Operating profit performance
Operating profit declined 26% (23% CER) from $171m to $127m or 20% (17% at CER) excluding the net impact of the liquidated damages receipts. Owned and leased hotels’ operating profit was down $12m to $33m. InterContinental Park Lane, London delivered a strong relative performance with RevPAR down just 1.7% during the year. Managed hotels’ operating profit declined by $30m to $65m, or by $21m, excluding the impact of the liquidated damages receipt in 2008. This was driven primarily by challenging trading across the Continental European estate where RevPAR fell 19.6%. Excluding the net $4m liquidated damages receipt, franchised hotels’ operating profit declined $11m to $57m (9% at CER) driven by a RevPAR decline of 14.9%, partially offset by a 6% increase in room count.
Asia Pacific
Revenue performance
RevPAR declined 13.5%, with a fourth quarter decline of 4.6%. IHG’s brands outperformed the market in Greater China by 8.9 percentage points with a RevPAR decline of 16.9% and occupancy growth of 0.2%. Excluding one $4m liquidated damages receipt in 2008, revenues declined 14% (15% CER) to $245m.

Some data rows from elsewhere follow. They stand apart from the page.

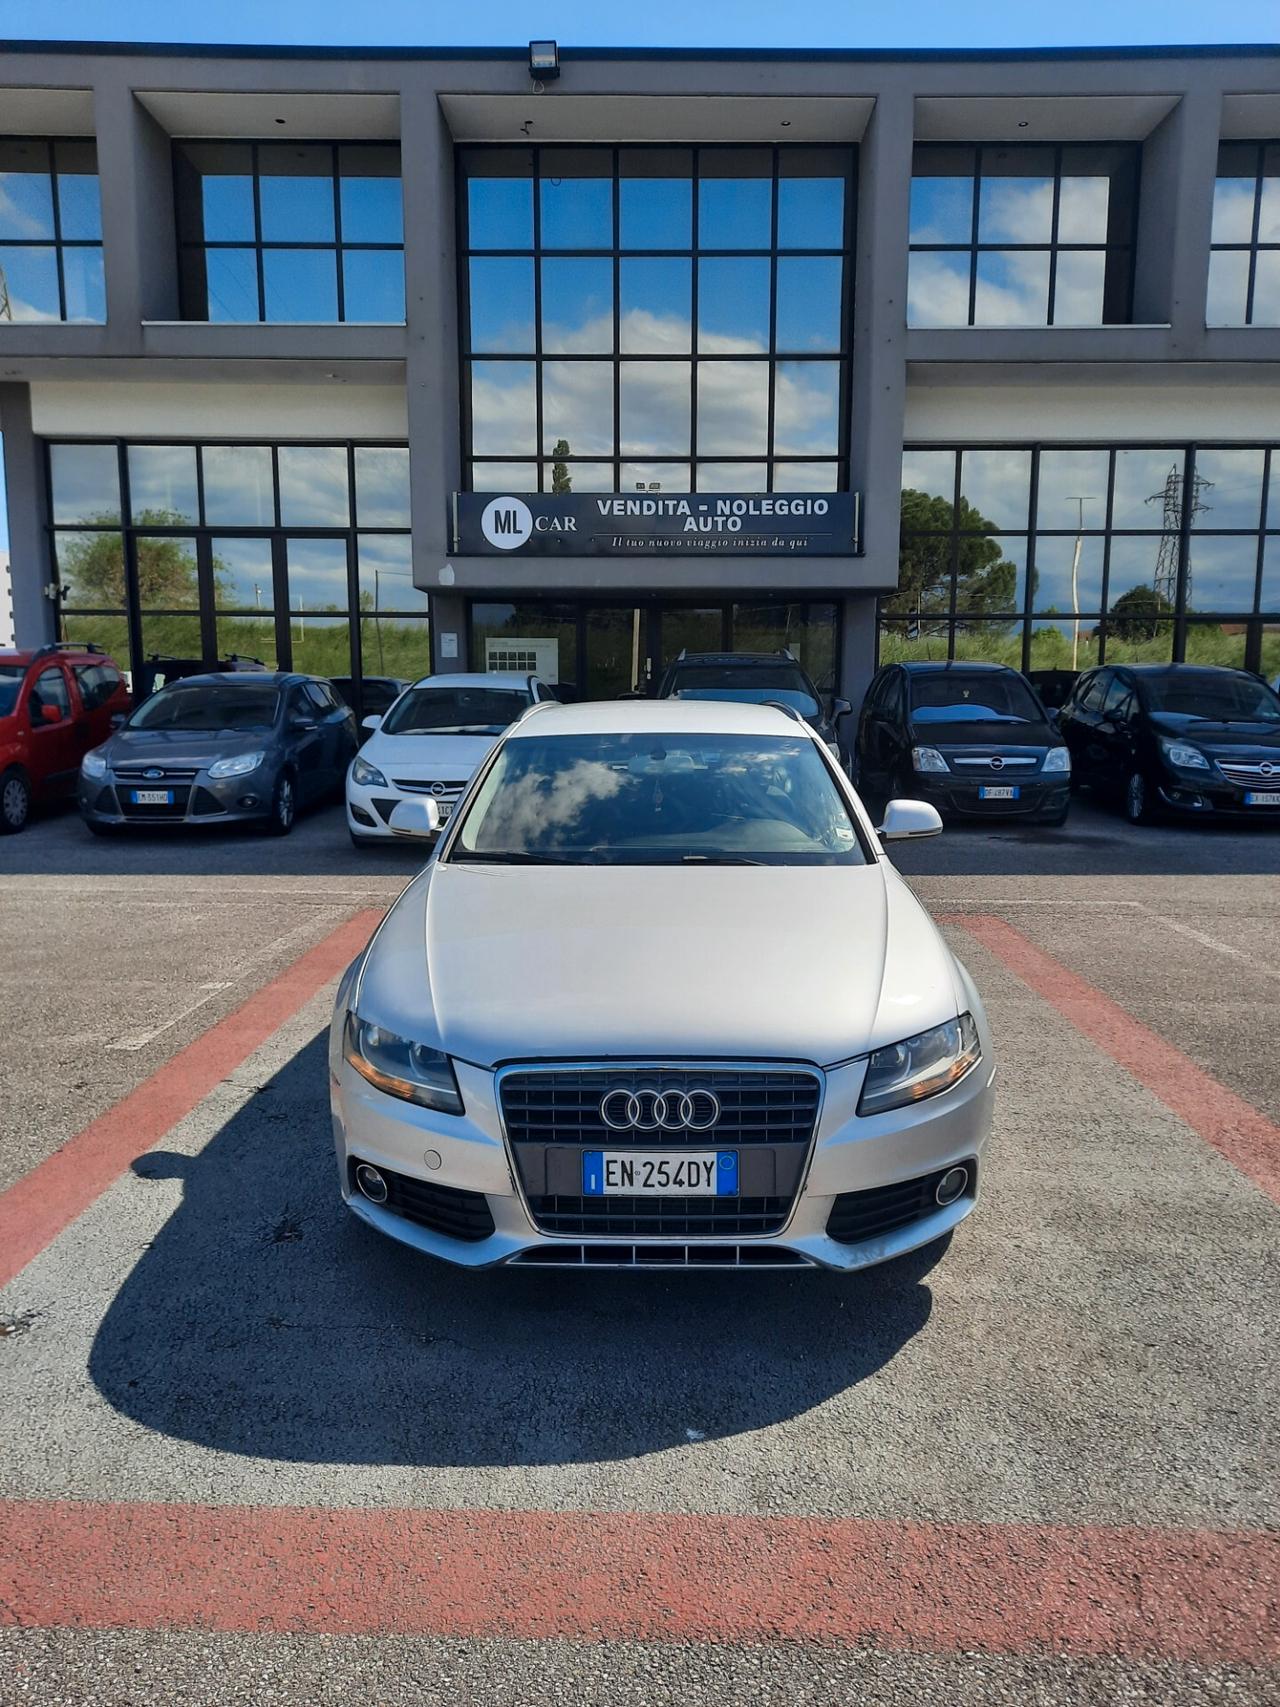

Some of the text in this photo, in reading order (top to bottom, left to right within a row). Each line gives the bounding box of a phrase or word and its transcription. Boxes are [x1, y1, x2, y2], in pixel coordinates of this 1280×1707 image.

[597, 499, 691, 515] VENDITA
[717, 499, 828, 515] NOLEGGIO
[494, 510, 577, 534] ML CAR
[683, 516, 742, 532] AUTO
[612, 537, 808, 550] Il tuo nuovo viaggio inizia da qui
[642, 1160, 715, 1188] 254DY

Operating profit performance
Excluding the liquidated damages receipt received in 2008, operating profit declined 19% from $64m to $52m. Operating profit at owned and leased hotels fell $13m to $30m primarily reflecting a RevPAR decline of 22.2% at InterContinental Hong Kong. Managed hotels’ operating profit declined $11m to $44m (16% at CER) driven by a 12.5% RevPAR decline. Excluding the $4m liquidated damages receipt in 2008, franchised hotels’ operating profit increased $1m to $5m.

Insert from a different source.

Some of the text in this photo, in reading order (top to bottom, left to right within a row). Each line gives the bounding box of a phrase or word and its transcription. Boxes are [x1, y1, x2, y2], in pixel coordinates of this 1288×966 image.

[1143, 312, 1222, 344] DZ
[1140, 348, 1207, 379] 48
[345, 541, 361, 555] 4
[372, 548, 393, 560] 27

Interest, tax and exceptional items
The interest charge for the period fell $47m to $54m due to a reduction in interest rates and lower average net debt.
The effective tax rate for 2009 is 5% (2008: 23%) due to the release of certain prior year tax contingencies, primarily as a result of the final resolution of various tax audits. The underlying tax rate before the impact of prior year items is 42% (2008: 39%). The reported tax rate may continue to vary year-on-year but is expected to increase in the medium term.
The $373m exceptional operating charge includes (i) $197m of non-cash asset impairments; (ii) $91m charge related to a management contract in the US; (iii) $43m reorganisation and severance costs; (iv) $21m enhanced pensions transfer; and (v) $19m in respect of the Holiday Inn relaunch.
Cash flow & net debt
Growth capital expenditure of $91m included a $65m payment on completion of the Hotel Indigo San Diego. Maintenance capital expenditure of $57m was 42% below 2008 levels.
IHG’s balance sheet has been strengthened with net debt reduced to $1.1bn (including the $204m finance lease on the InterContinental Boston). IHG has extended its maturities and diversified its debt profile issuing a seven year £250m bond in the fourth quarter and refinancing $415m of the $500m term loan expiring in November 2010. In addition, IHG has a $1.6bn revolving credit facility expiring May 2013.
RevPAR Sensitivity
IHG now estimates that a 1% change in global RevPAR impacts Group EBIT by $13m, split as follows: $4m owned & leased; $4m managed (of which $1m relates to the Americas managed business); and $5m franchised.